## TASK OBJECTIVE
Please repeat the records exactly. The pictures are to be left out.

MATERIAL TO PROCESS: Begin

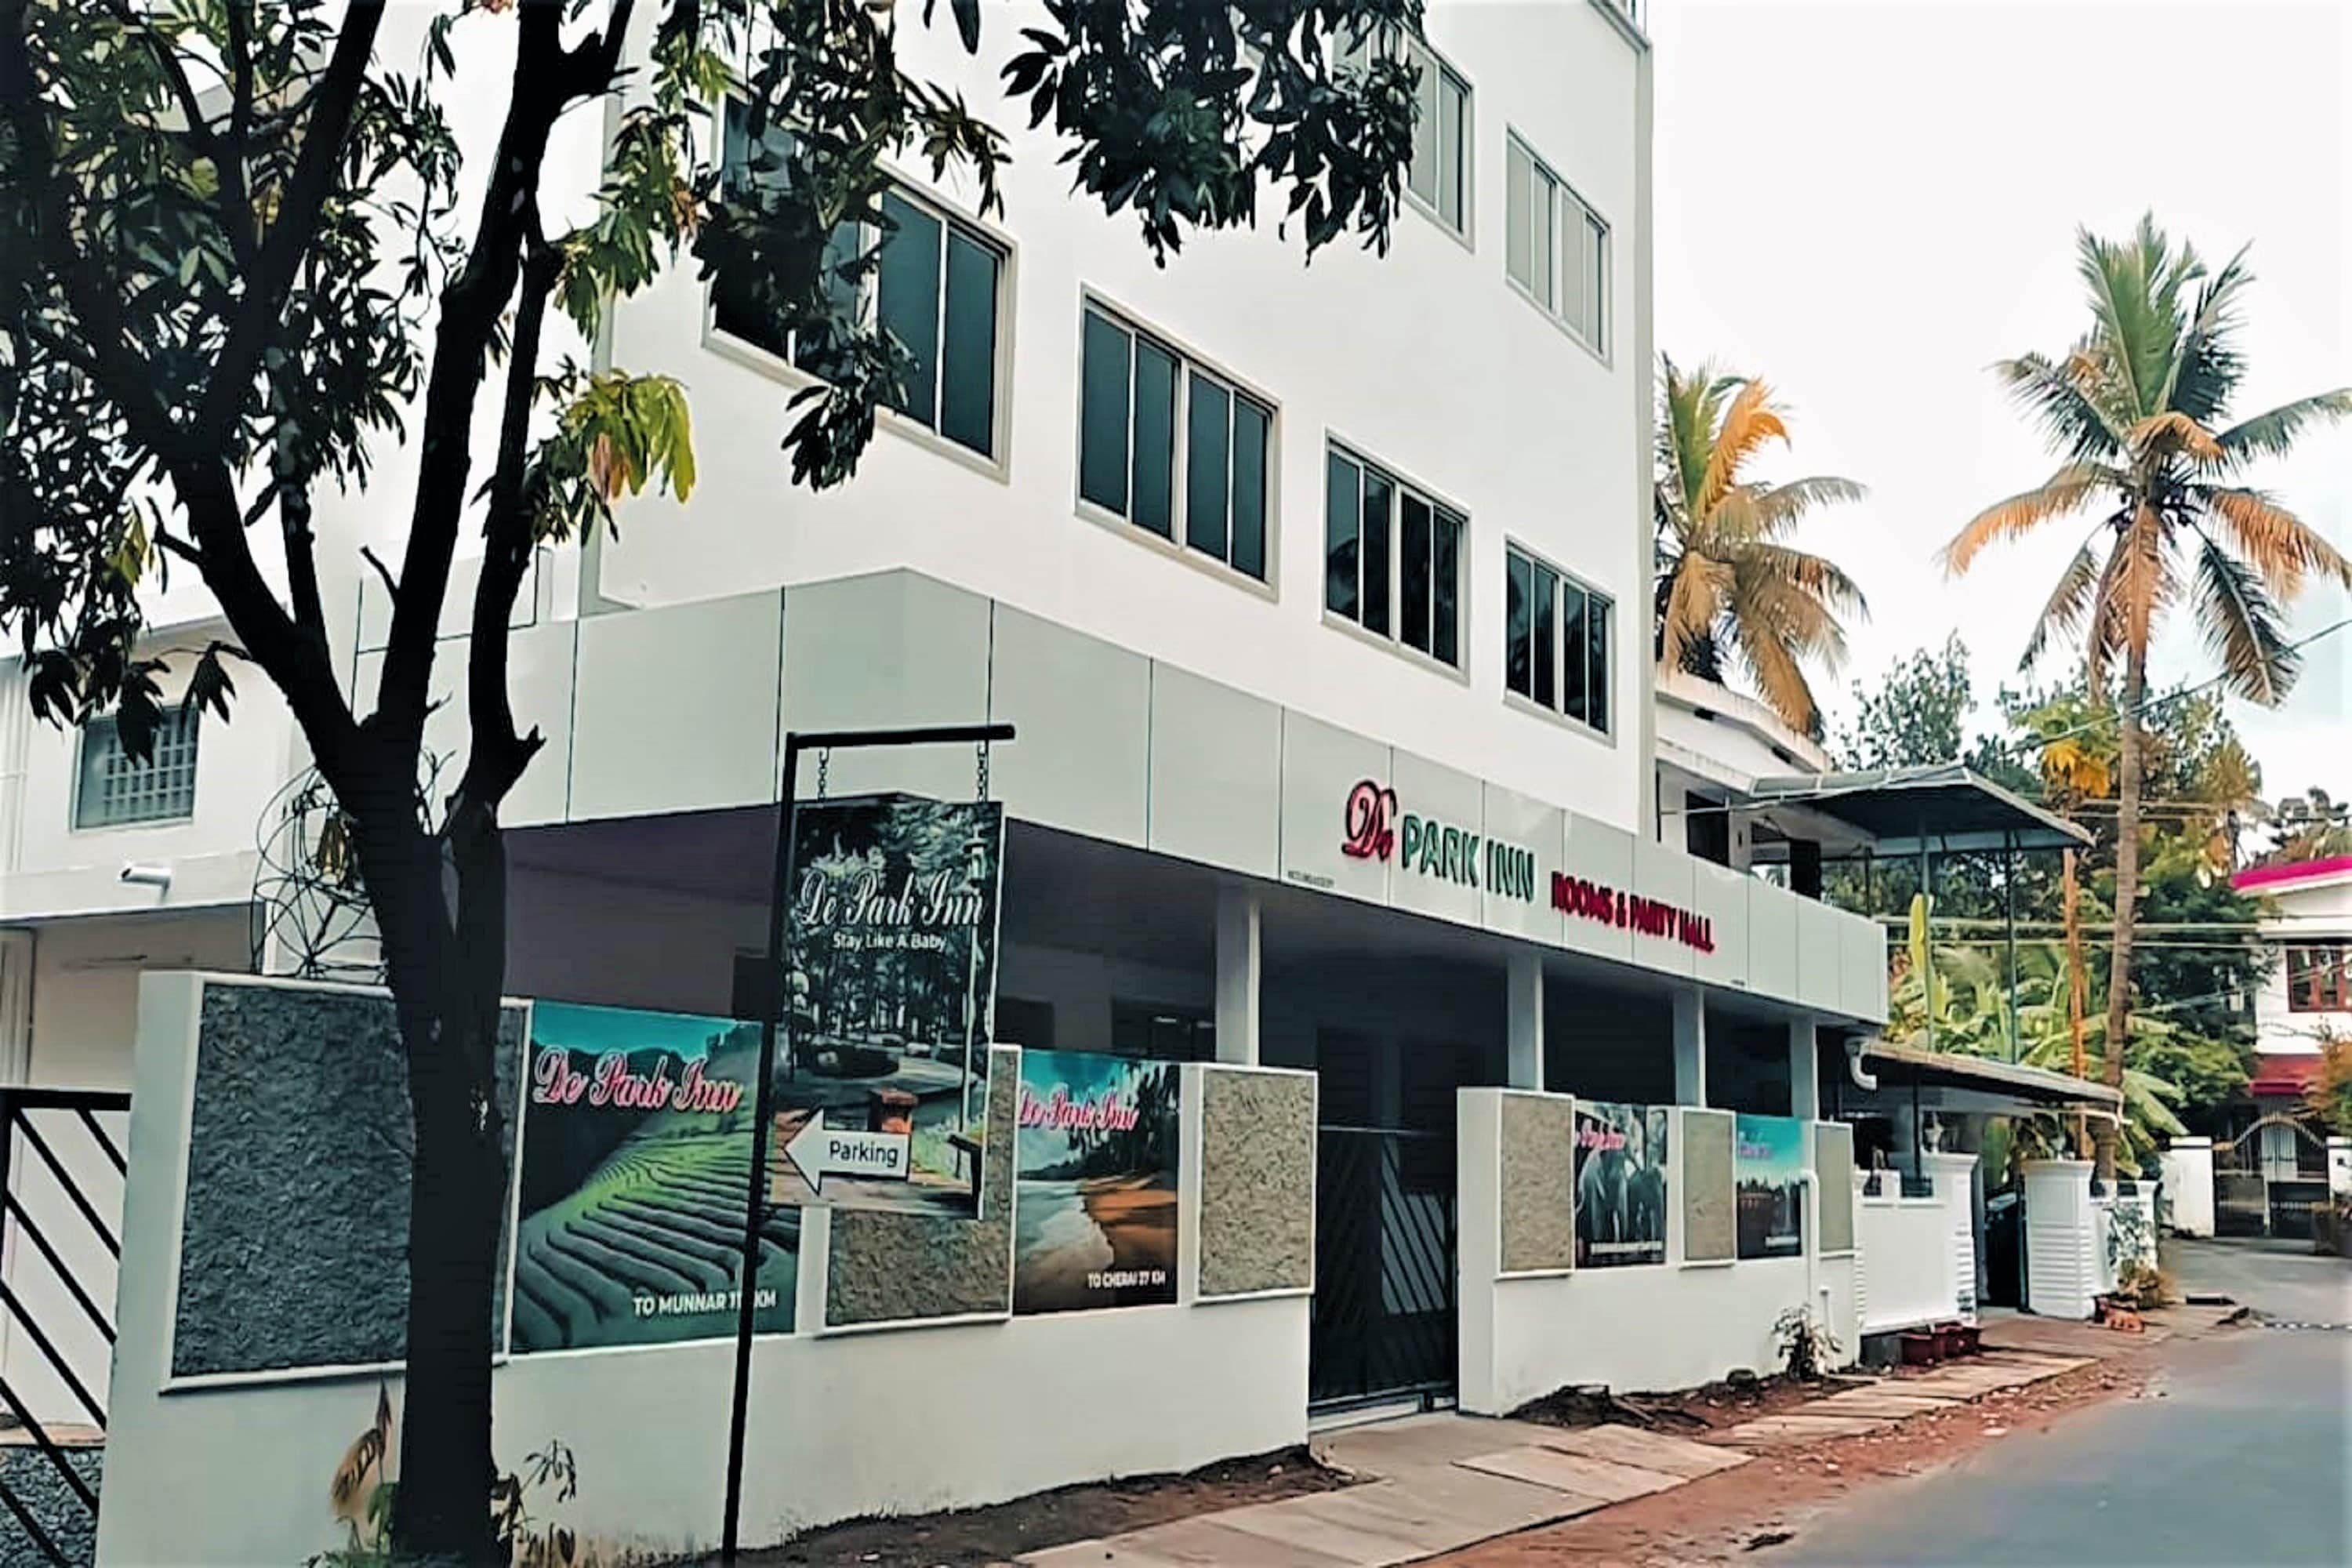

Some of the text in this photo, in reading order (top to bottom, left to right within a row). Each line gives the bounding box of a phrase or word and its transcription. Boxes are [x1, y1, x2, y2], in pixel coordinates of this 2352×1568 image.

[1402, 814, 1479, 887] PARK
[1487, 838, 1534, 903] INN
[800, 867, 984, 925] De Park Inn
[1552, 871, 1715, 953] ROOMS & PARTY HALL
[833, 931, 947, 953] Stay Like A Baby
[532, 1045, 743, 1111] De Park Inn
[829, 1140, 898, 1168] Parking
[1087, 1272, 1102, 1289] TO
[633, 1297, 655, 1316] TO
[659, 1293, 725, 1315] MUNNAR
[729, 1290, 745, 1310] 11
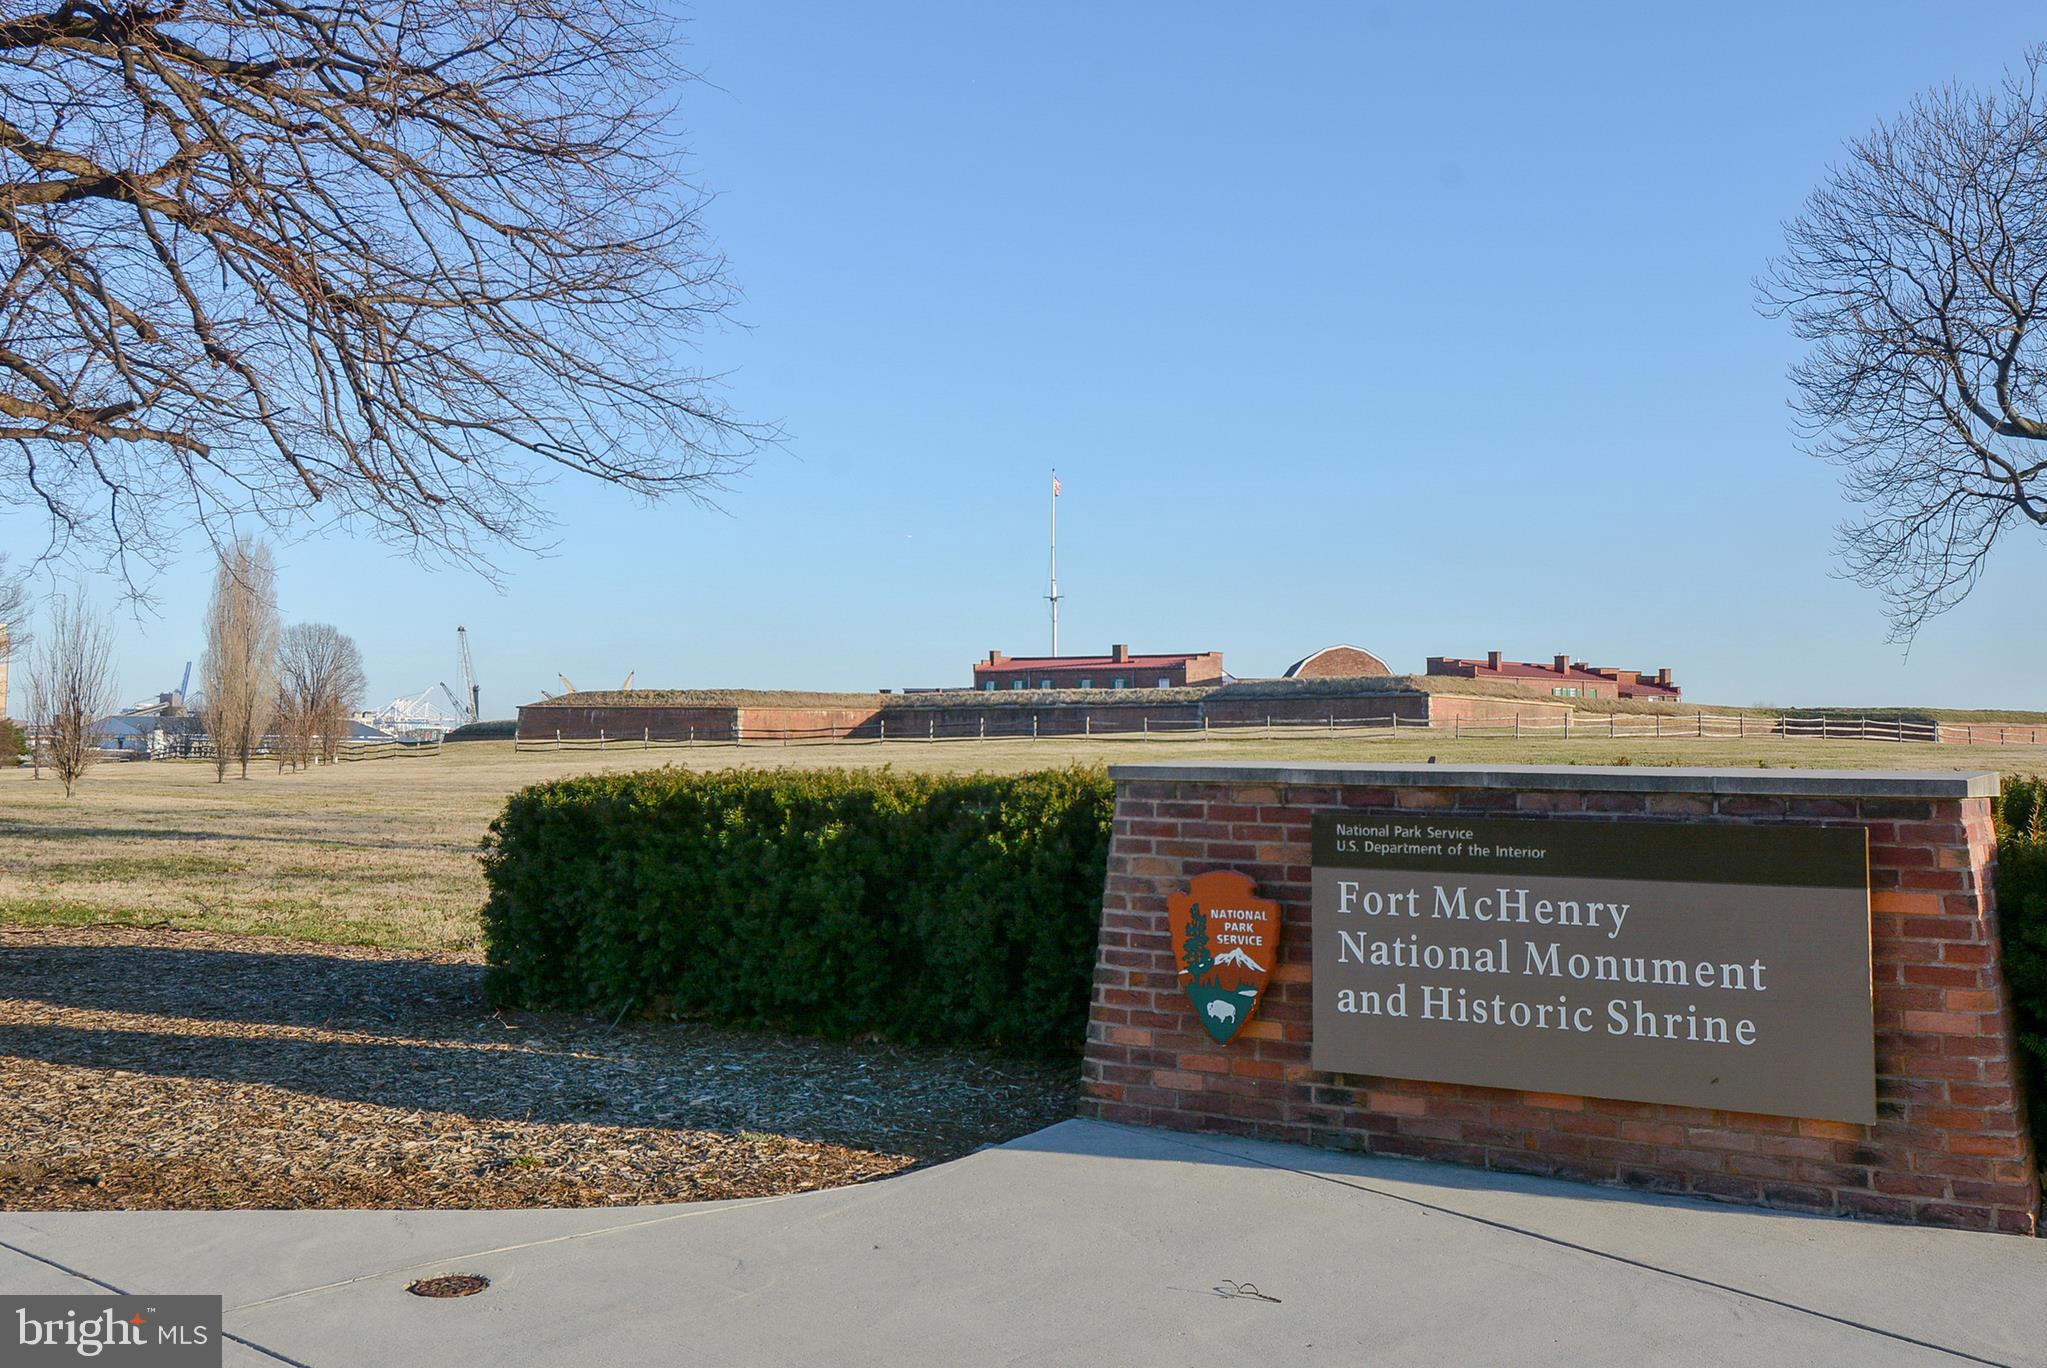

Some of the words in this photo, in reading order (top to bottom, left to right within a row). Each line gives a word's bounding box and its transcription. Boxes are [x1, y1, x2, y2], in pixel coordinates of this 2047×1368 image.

MATERIAL TO PROCESS: End

## RESPONSE AREA
Some of the text in this photo, in reading order (top to bottom, left to right within a row). Each line gives the bounding box of a phrase or word and its transcription. Boxes are [x1, y1, x2, y2], in pixel coordinates of this 2352×1568 image.

[1402, 814, 1479, 887] PARK
[1487, 838, 1534, 903] INN
[800, 867, 984, 925] De Park Inn
[1552, 871, 1715, 953] ROOMS & PARTY HALL
[833, 931, 947, 953] Stay Like A Baby
[532, 1045, 743, 1111] De Park Inn
[829, 1140, 898, 1168] Parking
[1087, 1272, 1102, 1289] TO
[633, 1297, 655, 1316] TO
[659, 1293, 725, 1315] MUNNAR
[729, 1290, 745, 1310] 11

Some of the words in this photo, in reading order (top to bottom, left to right within a row). Each line gives a word's bounding box and its transcription. Boxes are [x1, y1, x2, y2], in pixel coordinates of this 2047×1368 image.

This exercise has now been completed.